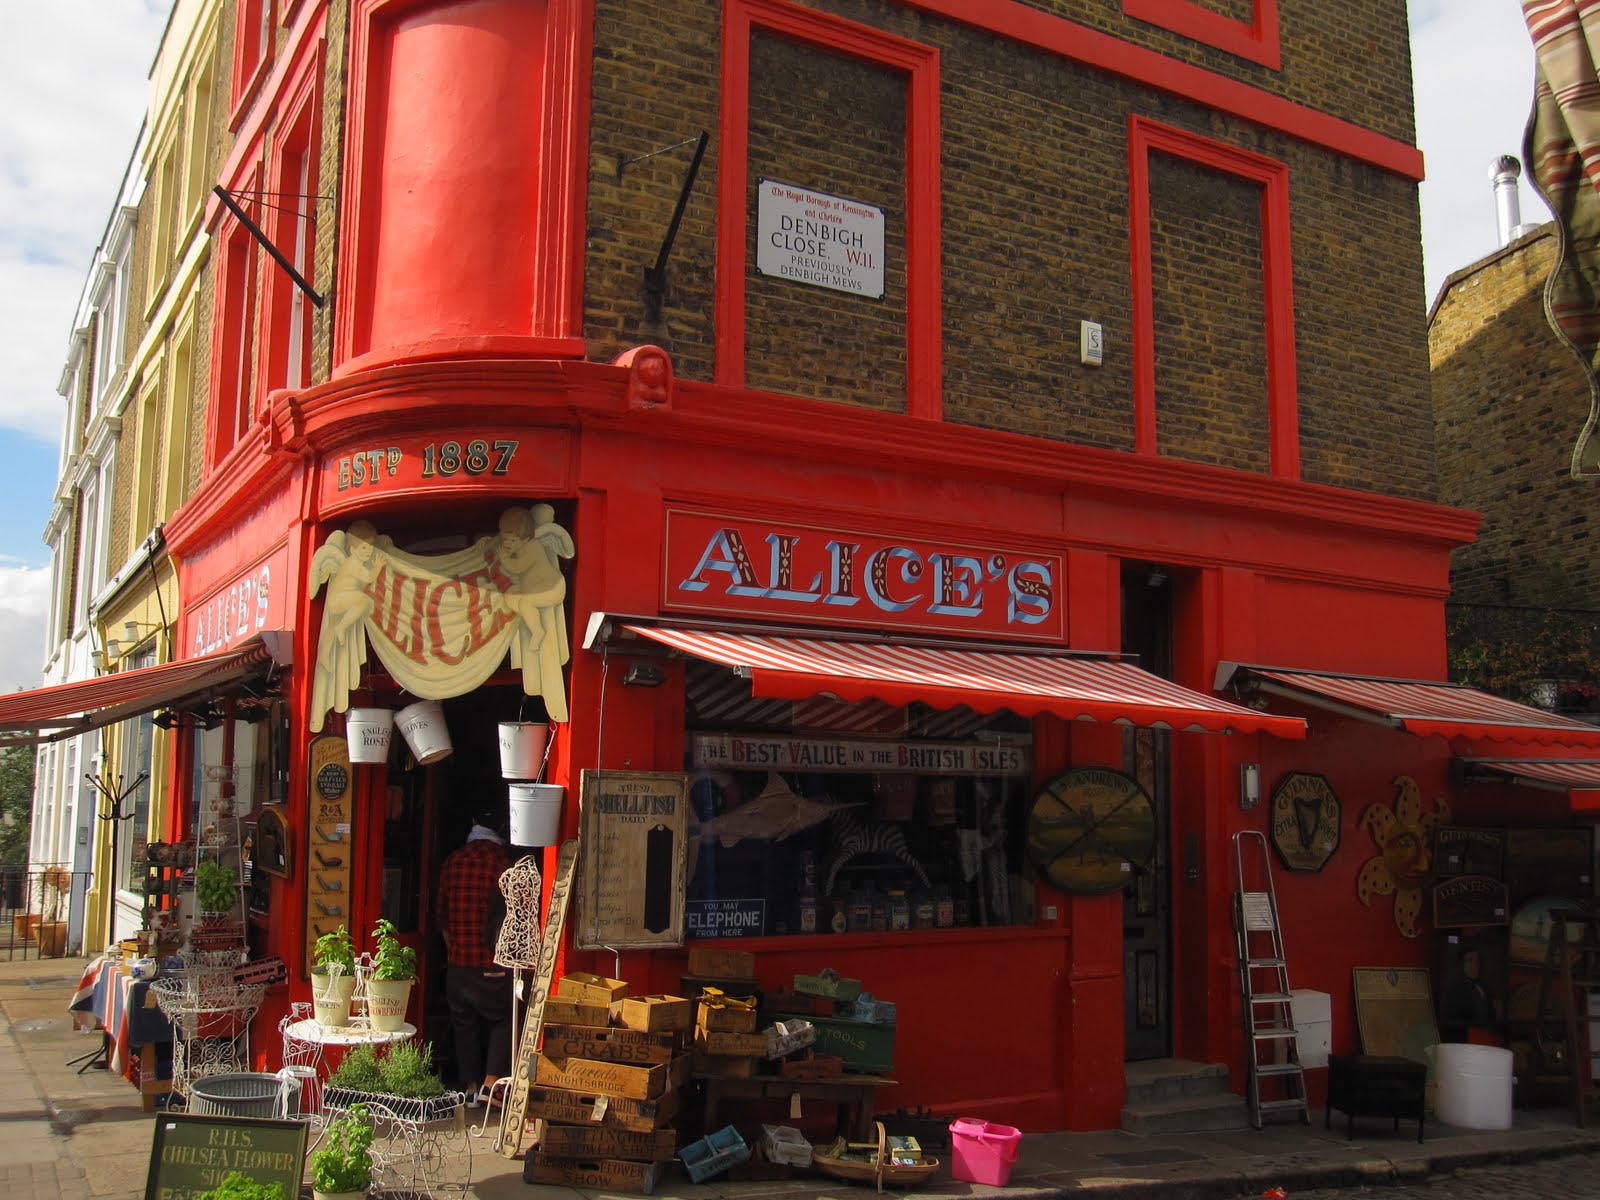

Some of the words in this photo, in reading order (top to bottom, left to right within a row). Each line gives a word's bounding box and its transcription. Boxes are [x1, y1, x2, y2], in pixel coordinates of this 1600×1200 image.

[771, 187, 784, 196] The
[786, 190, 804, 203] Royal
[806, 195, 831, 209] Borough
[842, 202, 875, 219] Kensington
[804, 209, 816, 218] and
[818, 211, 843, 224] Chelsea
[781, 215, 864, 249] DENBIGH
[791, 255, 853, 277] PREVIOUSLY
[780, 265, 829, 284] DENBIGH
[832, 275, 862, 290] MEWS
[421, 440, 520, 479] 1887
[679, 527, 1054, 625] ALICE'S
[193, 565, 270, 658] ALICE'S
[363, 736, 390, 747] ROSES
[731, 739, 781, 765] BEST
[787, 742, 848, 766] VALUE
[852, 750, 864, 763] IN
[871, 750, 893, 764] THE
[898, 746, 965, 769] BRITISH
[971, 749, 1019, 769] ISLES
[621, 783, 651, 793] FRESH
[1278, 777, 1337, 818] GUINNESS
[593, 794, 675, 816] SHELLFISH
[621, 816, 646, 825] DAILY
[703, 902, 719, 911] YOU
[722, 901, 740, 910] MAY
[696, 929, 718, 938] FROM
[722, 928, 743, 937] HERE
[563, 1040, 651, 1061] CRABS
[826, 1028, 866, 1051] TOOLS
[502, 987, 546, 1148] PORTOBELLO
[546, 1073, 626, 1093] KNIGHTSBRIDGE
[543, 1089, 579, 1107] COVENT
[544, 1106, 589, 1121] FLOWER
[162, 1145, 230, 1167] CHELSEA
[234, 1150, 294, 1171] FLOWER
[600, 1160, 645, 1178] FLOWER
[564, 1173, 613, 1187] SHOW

--- --- ---

Excluding every picture, write out each record word for word.

Exercise result ::
Some of the words in this photo, in reading order (top to bottom, left to right within a row). Each line gives a word's bounding box and its transcription. Boxes are [x1, y1, x2, y2], in pixel coordinates of this 1600×1200 image.

[771, 187, 784, 196] The
[786, 190, 804, 203] Royal
[806, 195, 831, 209] Borough
[842, 202, 875, 219] Kensington
[804, 209, 816, 218] and
[818, 211, 843, 224] Chelsea
[781, 215, 864, 249] DENBIGH
[791, 255, 853, 277] PREVIOUSLY
[780, 265, 829, 284] DENBIGH
[832, 275, 862, 290] MEWS
[421, 440, 520, 479] 1887
[679, 527, 1054, 625] ALICE'S
[193, 565, 270, 658] ALICE'S
[363, 736, 390, 747] ROSES
[731, 739, 781, 765] BEST
[787, 742, 848, 766] VALUE
[852, 750, 864, 763] IN
[871, 750, 893, 764] THE
[898, 746, 965, 769] BRITISH
[971, 749, 1019, 769] ISLES
[621, 783, 651, 793] FRESH
[1278, 777, 1337, 818] GUINNESS
[593, 794, 675, 816] SHELLFISH
[621, 816, 646, 825] DAILY
[703, 902, 719, 911] YOU
[722, 901, 740, 910] MAY
[696, 929, 718, 938] FROM
[722, 928, 743, 937] HERE
[563, 1040, 651, 1061] CRABS
[826, 1028, 866, 1051] TOOLS
[502, 987, 546, 1148] PORTOBELLO
[546, 1073, 626, 1093] KNIGHTSBRIDGE
[543, 1089, 579, 1107] COVENT
[544, 1106, 589, 1121] FLOWER
[162, 1145, 230, 1167] CHELSEA
[234, 1150, 294, 1171] FLOWER
[600, 1160, 645, 1178] FLOWER
[564, 1173, 613, 1187] SHOW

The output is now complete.